Uno de los principales componentes de la virtud de saber perder es reconocer la derrota, y el presidente López insiste en que el aeropuerto llamado internacional Felipe Ángeles es su triunfo, el mejor puerto aéreo del mundo. La realidad, que es muy cabezuda, le desmiente diariamente. Para evadir el desprecio lógico que las aerolíneas le han dedicado a su capricho, el presidente ha ocupado parte de su tiempo a cabildear con las líneas aéreas nacionales para que muden su centro de operaciones al Felipe Ángeles. La compañía Air France le tiró una cuerda de salvamento: no vuela al Felipe Ángeles porque sus pasajeros continúan vuelos a otras partes de nuestro país, operados mayormente por Aeroméxico. Si Aeroméxico se muda a la nueva terminal, le daría un respiro de agradecer.

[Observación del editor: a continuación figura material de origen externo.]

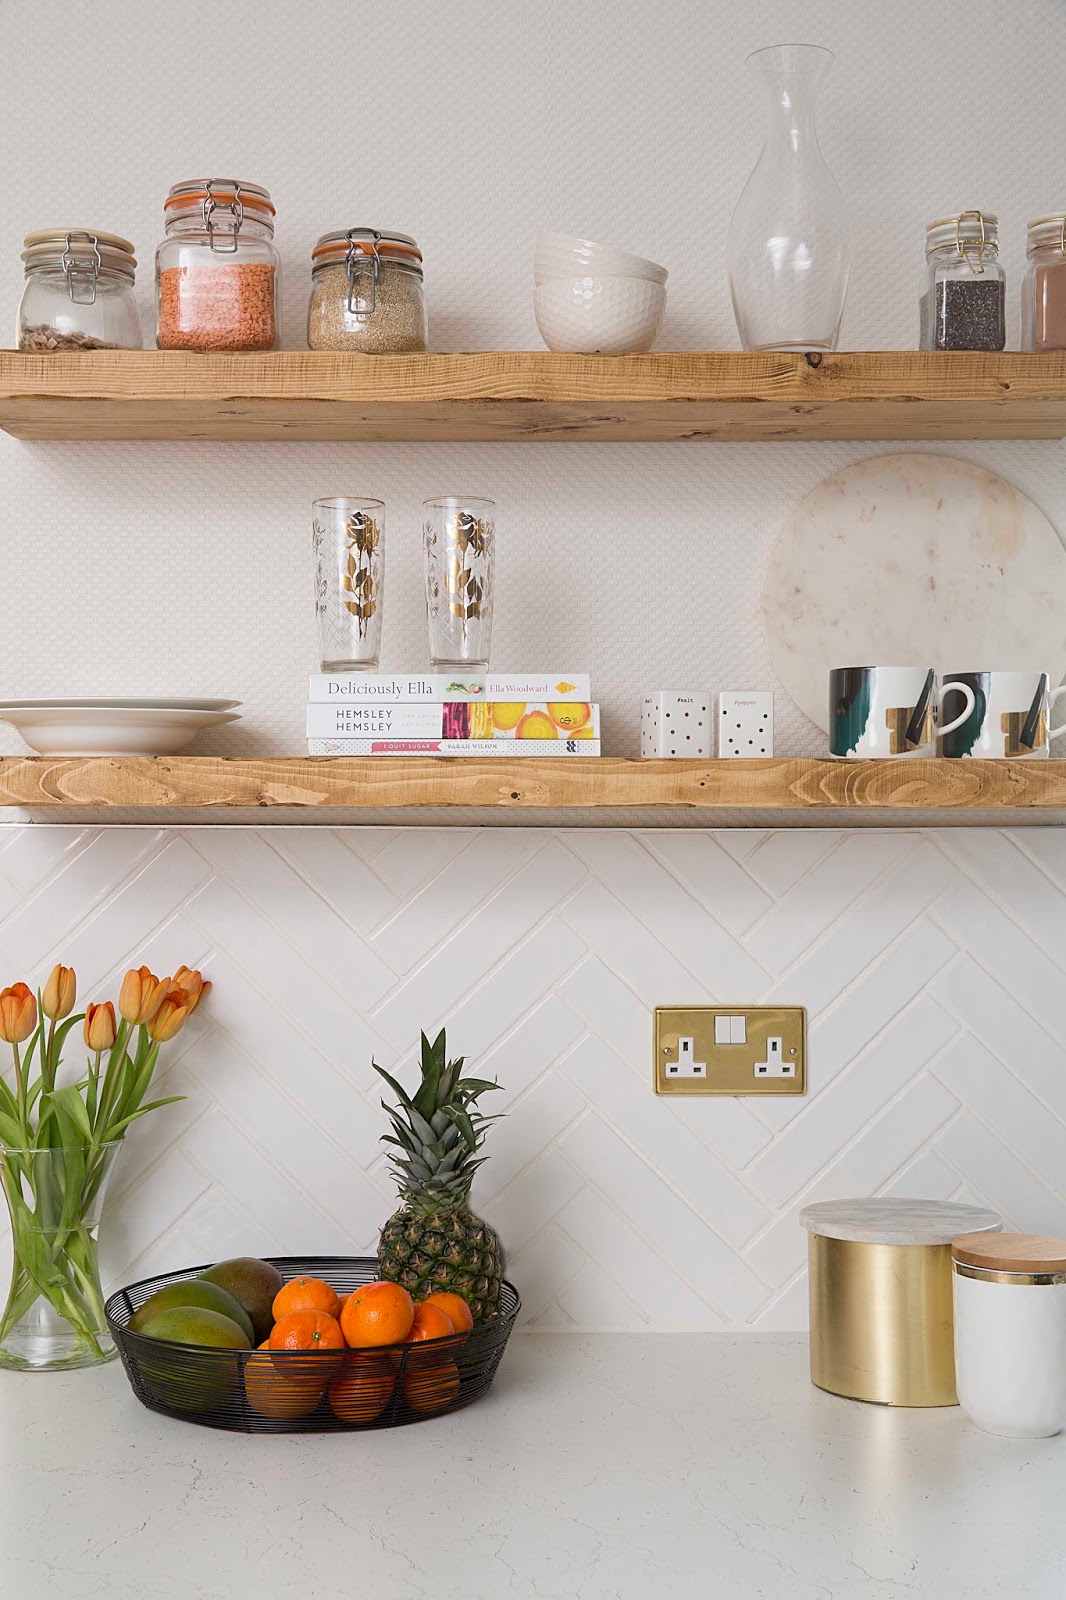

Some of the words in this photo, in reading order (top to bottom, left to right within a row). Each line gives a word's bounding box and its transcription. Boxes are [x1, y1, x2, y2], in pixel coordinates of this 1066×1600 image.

Frente a las rejegas compañías de aviación que no se mudarán por los buenas al capricho presidencial, lo tendrán que hacer por las malas. El subsecretario de la SCT, que ya ni sé cómo se llama, ya dio a conocer algo que nos contaba el comercial bancario: lo que se puede lograr con el poder de la firma. Rogelio Jiménez Pons, subsecretario de Transporte, no dio el ancho al mando de FONATUR que tiene el difícil encargo de hacer el Tren Maya, a tiempo aunque caro. Jiménez Pons se cayó para arriba, a la subsecretaría. Desde esa altura anunció lo que ya se veía venir: si las aerolíneas no se mudan por la buena, se mudarán por decreto. Por decreto, en unos días se reducirán las operaciones en el Benito Juárez en un veinte por ciento. Esos vuelos tendrán que mudarse a Toluca… o al Felipe Ángeles.

Porque lo digo yo. Quiero decir, el presidente.

PREGUNTA PARA LA MAÑANERA (porque no me dejan entrar sin tapabocas): ¿Cuál va a ser la estrategia del gobierno de México a pactar con el de Cuba, ahora que junto con Nicaragua y Venezuela quedaron fuera de la fiesta hemisférica en Los Ángeles, pese a la petición expresa del presidente López?